Give back all of the data exactly. Leave nothing out.
━━━ DATA ━━━
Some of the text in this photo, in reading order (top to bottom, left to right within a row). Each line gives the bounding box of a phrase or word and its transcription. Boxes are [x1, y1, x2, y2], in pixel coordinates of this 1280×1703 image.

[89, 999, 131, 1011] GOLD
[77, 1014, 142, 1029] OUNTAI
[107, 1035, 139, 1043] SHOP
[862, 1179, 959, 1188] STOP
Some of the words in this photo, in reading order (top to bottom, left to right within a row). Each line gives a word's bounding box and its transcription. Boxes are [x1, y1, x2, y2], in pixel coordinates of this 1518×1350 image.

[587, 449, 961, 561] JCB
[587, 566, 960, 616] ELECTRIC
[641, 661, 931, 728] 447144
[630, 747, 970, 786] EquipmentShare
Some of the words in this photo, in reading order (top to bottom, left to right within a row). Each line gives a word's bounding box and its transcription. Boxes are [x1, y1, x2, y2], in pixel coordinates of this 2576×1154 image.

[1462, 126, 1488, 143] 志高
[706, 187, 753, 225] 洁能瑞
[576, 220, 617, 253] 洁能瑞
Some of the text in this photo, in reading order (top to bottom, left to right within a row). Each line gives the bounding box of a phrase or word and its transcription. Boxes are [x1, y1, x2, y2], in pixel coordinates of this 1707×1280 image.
━━━
◆ **RESULT FOR THIS TASK**
Some of the text in this photo, in reading order (top to bottom, left to right within a row). Each line gives the bounding box of a phrase or word and its transcription. Boxes are [x1, y1, x2, y2], in pixel coordinates of this 1280×1703 image.

[89, 999, 131, 1011] GOLD
[77, 1014, 142, 1029] OUNTAI
[107, 1035, 139, 1043] SHOP
[862, 1179, 959, 1188] STOP
Some of the words in this photo, in reading order (top to bottom, left to right within a row). Each line gives a word's bounding box and its transcription. Boxes are [x1, y1, x2, y2], in pixel coordinates of this 1518×1350 image.

[587, 449, 961, 561] JCB
[587, 566, 960, 616] ELECTRIC
[641, 661, 931, 728] 447144
[630, 747, 970, 786] EquipmentShare
Some of the words in this photo, in reading order (top to bottom, left to right within a row). Each line gives a word's bounding box and its transcription. Boxes are [x1, y1, x2, y2], in pixel coordinates of this 2576×1154 image.

[1462, 126, 1488, 143] 志高
[706, 187, 753, 225] 洁能瑞
[576, 220, 617, 253] 洁能瑞
Some of the text in this photo, in reading order (top to bottom, left to right within a row). Each line gives the bounding box of a phrase or word and its transcription. Boxes are [x1, y1, x2, y2], in pixel coordinates of this 1707×1280 image.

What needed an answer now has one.